San Diego is firmly cemented as one of the top life sciences markets in the United States, and that status has only grown stronger during the pandemic as many local firms have been involved is some aspect of research and development related to COVID-19.

Venture capitalists have taken notice, and funding has accelerated. Local startups raised a record $4.9 billion in 2020, according to data from Connect/San Diego Venture Group and Pitchbook, and that number was nearly eclipsed during the first half of 2021 after $2.4 billion and $2 billion were raised over the first and second quarters, respectively.

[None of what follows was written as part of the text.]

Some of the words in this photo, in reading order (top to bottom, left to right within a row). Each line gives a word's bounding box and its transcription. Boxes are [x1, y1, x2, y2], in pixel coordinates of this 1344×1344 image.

Data shows that life science firms dominate local fundraisings, and seven biotech firms raised more than $100 million during the second quarter, including Element Biosciences, which raised $276 million. Element Biosciences recently committed to the entire 175,000-square-foot Alexandria Tech Center in Sorrento Mesa that broke ground at the end of 2020 and will expand from 30,000 square feet in University Town Center.

Cue Health was another to eclipse $200 million in the second quarter. Cue Health took possession of its 200,000-square-foot facility in Vista in 2021 after receiving a nearly $500 million grant from the United State Department of Defense to produce rapid COVID-19 testing kits and more than $100 million in funding in 2020. CUE Health also leased 60,000 square feet in Sorrento Mesa in 2020, adding to its 20,000-square-foot occupancy there.

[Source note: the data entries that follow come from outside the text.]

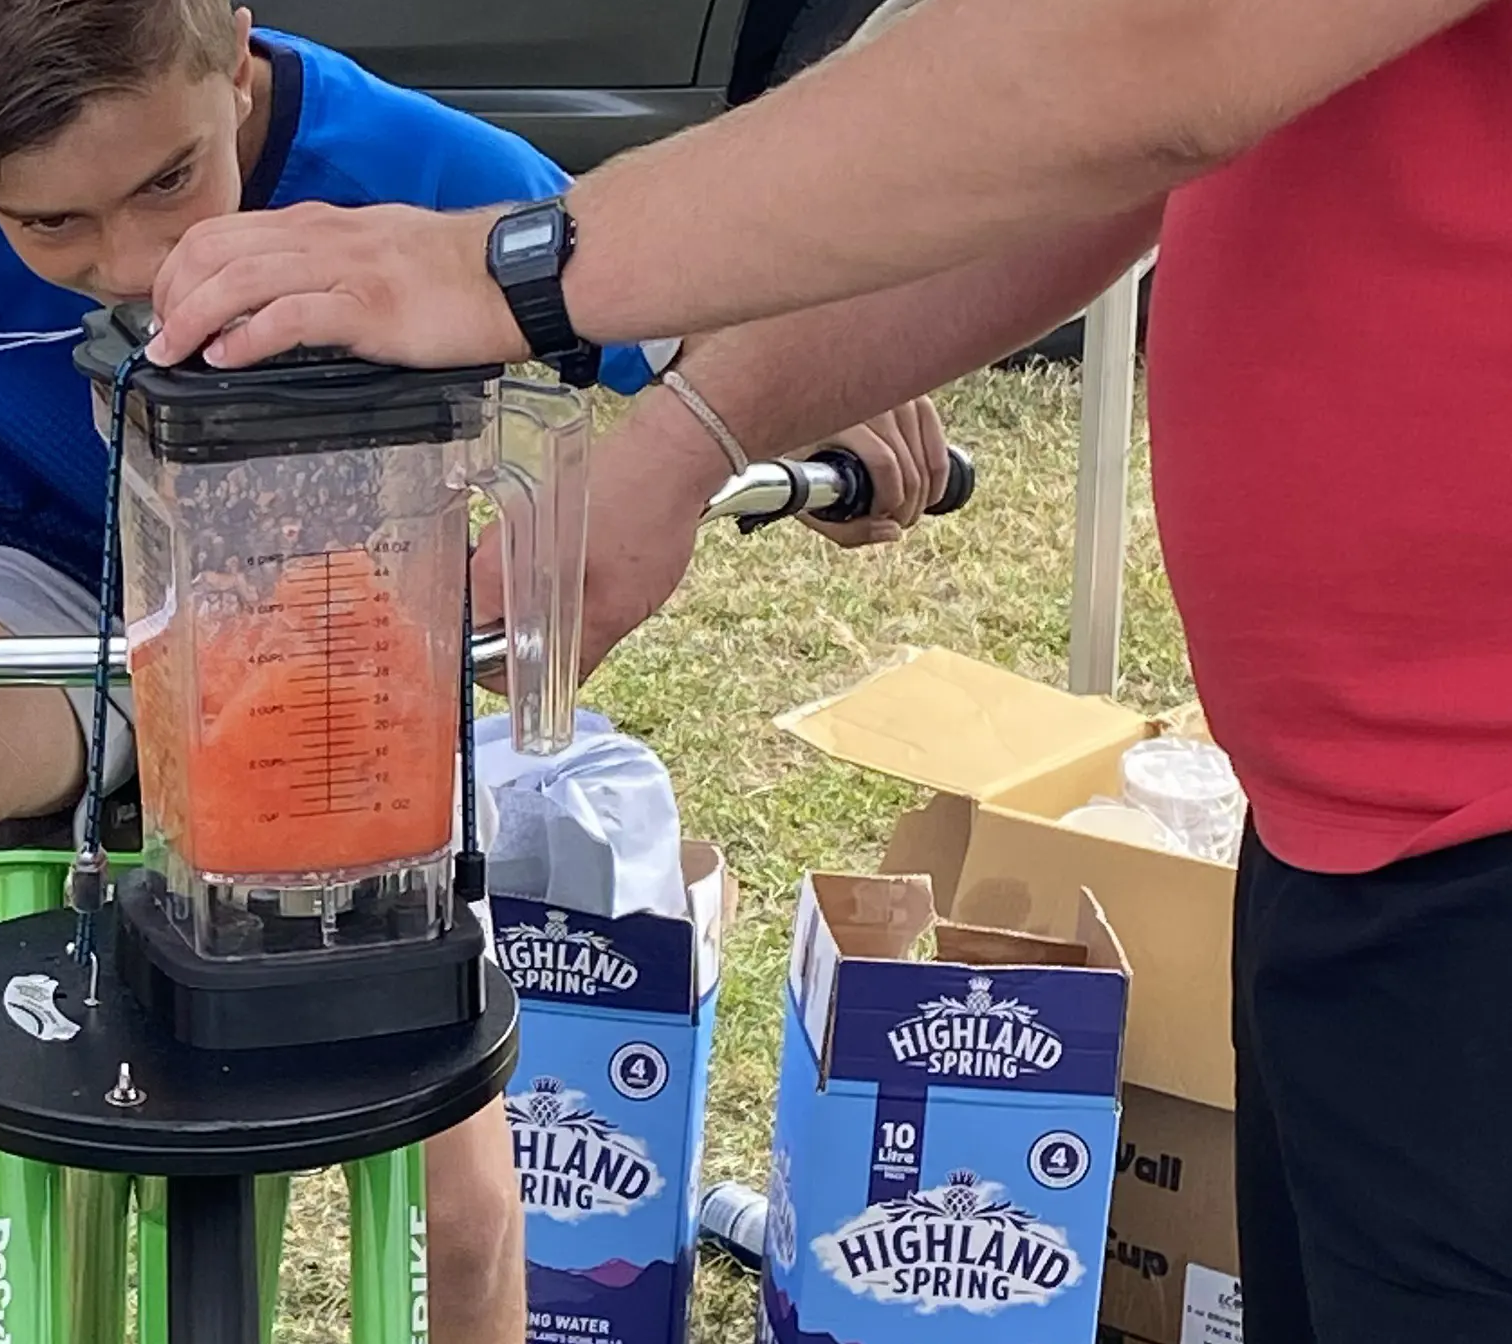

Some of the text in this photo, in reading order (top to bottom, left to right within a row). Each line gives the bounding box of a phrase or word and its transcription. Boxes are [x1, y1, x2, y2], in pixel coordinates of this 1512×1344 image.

[9, 460, 48, 474] IFCO
[497, 940, 638, 990] IGHLAND
[512, 969, 596, 996] SPRING
[887, 1017, 1063, 1070] HIGHLAND
[630, 1058, 646, 1079] 4
[927, 1049, 1018, 1078] SPRING
[881, 1122, 916, 1149] 10
[512, 1129, 651, 1200] HLAND
[878, 1147, 915, 1165] Litre
[1050, 1147, 1067, 1167] 4
[520, 1172, 593, 1210] RING
[838, 1223, 1070, 1289] HIGHLAND
[1107, 1226, 1168, 1280] up
[893, 1267, 1009, 1301] SPRING
[555, 1315, 610, 1334] WATER

Already, several life science and tech firms have raised more than $100 million in the third quarter, setting the San Diego region up for another record-breaking year of fundraising. One of those firms is Erasca, a clinical-stage precision oncology company that raised $200 million last year and $300 million in an initial public stock offering in July. Erasca leased 80,000 square feet in Torrey Pines at Spectrum III, a project under development by Alexandria Real Estate Equities scheduled for completion in 2022. That will be a significant expansion from less than 20,000 square feet in the submarket.

San Diego’s overall office market has endured rising vacancies, climbing year over year to 12%, falling occupancies, which are down 500,000 square feet in the past year, and stagnant rent growth over that same period.

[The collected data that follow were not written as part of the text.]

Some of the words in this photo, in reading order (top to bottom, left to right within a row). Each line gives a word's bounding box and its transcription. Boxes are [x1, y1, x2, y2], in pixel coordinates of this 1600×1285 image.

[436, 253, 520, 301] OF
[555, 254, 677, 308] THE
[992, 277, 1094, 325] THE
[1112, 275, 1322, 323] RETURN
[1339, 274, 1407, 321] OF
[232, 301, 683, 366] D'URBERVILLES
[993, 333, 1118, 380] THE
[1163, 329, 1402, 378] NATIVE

Unlike the disruption seen in the broader office market in the region, the life science market has encountered much less turbulence. The vacancy rate has fallen 3.5% in the past 12 months, 1.2 million square feet was absorbed year over year, and rents have grown 3.5% over that stretch. Asking rents for new lab space often approaches $5 per square foot on a monthly, triple-net basis, and landlords often achieve that price.

Already in 2021, 180 leases have been signed totaling 2.1 million square feet. Both numbers are already ahead of the totals for each of the first three quarters from 2017 through 2020.

The life science pipeline is primarily concentrated in the Sorrento Mesa and Torrey Pines areas, where under-renovation projects and ground-up developments are underway. Both areas are the most active for life sciences firms, particularly among those in expansion mode. Sorrento Mesa, in particular, has been one of the most heavily invested markets in San Diego among national and international firms, and many office buildings and campuses have been targeted for redevelopment into lab space. If anything, San Diego may not have enough space to accommodate the level of demand for lab space there.

Only a handful of buildings across the San Diego office market have more than 50,000 square feet of available lab or research and development space, several of which are under renovation, and very little of it is in ground-up development.

That will change with the new IQHQ development rising along the Embarcadero in downtown. The first phase of the 1.1 million-square-foot lab campus is set to break ground before the end of 2021 and could lead to a secular shift in biotech demand in San Diego. Historically, downtown receives almost none of that demand, although several buildings in the city’s central business district are poised to capitalize on the red-hot market, including Phase 3’s Genesis building in the East Village and possibly the Campus at Horton, which held its topping off ceremony a few months back and shifted from attracting traditional office users to tech and life science tenants.